> [Task to carry out]
The lines to reproduce run from the one containing "this 1655×1158 image." through the end of the records below. Reproduce them exactly and add nothing.

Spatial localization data
--

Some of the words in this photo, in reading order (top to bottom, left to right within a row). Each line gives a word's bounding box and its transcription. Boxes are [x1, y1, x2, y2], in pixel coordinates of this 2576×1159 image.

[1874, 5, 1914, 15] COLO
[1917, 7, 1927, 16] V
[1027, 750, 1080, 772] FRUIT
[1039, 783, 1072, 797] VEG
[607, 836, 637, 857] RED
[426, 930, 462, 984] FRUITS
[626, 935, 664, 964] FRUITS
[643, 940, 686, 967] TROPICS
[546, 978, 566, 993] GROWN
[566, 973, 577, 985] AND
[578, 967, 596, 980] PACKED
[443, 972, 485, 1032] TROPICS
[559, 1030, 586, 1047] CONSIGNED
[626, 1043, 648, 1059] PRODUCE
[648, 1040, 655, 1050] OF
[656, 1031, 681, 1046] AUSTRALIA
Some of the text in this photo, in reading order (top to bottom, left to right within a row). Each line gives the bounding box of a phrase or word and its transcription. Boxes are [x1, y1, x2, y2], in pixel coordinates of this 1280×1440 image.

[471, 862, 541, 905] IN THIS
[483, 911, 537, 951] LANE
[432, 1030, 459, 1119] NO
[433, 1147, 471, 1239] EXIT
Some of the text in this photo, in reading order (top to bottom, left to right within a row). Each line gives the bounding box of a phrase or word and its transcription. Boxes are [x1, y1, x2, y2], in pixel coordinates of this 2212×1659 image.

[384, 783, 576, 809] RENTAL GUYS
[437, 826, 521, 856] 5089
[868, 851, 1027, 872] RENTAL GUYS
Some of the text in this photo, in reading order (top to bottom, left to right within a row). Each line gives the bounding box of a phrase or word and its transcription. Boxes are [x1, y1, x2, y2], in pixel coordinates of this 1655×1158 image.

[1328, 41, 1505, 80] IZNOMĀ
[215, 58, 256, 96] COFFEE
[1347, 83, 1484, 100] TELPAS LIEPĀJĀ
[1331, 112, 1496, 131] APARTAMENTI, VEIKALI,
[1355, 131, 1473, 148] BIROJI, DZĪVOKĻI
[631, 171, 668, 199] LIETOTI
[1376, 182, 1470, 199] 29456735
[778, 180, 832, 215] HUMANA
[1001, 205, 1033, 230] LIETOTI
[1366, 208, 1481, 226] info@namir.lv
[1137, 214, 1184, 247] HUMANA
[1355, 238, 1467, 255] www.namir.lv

--

> [Response]
Some of the text in this photo, in reading order (top to bottom, left to right within a row). Each line gives the bounding box of a phrase or word and its transcription. Boxes are [x1, y1, x2, y2], in pixel coordinates of this 1655×1158 image.

[1328, 41, 1505, 80] IZNOMĀ
[215, 58, 256, 96] COFFEE
[1347, 83, 1484, 100] TELPAS LIEPĀJĀ
[1331, 112, 1496, 131] APARTAMENTI, VEIKALI,
[1355, 131, 1473, 148] BIROJI, DZĪVOKĻI
[631, 171, 668, 199] LIETOTI
[1376, 182, 1470, 199] 29456735
[778, 180, 832, 215] HUMANA
[1001, 205, 1033, 230] LIETOTI
[1366, 208, 1481, 226] info@namir.lv
[1137, 214, 1184, 247] HUMANA
[1355, 238, 1467, 255] www.namir.lv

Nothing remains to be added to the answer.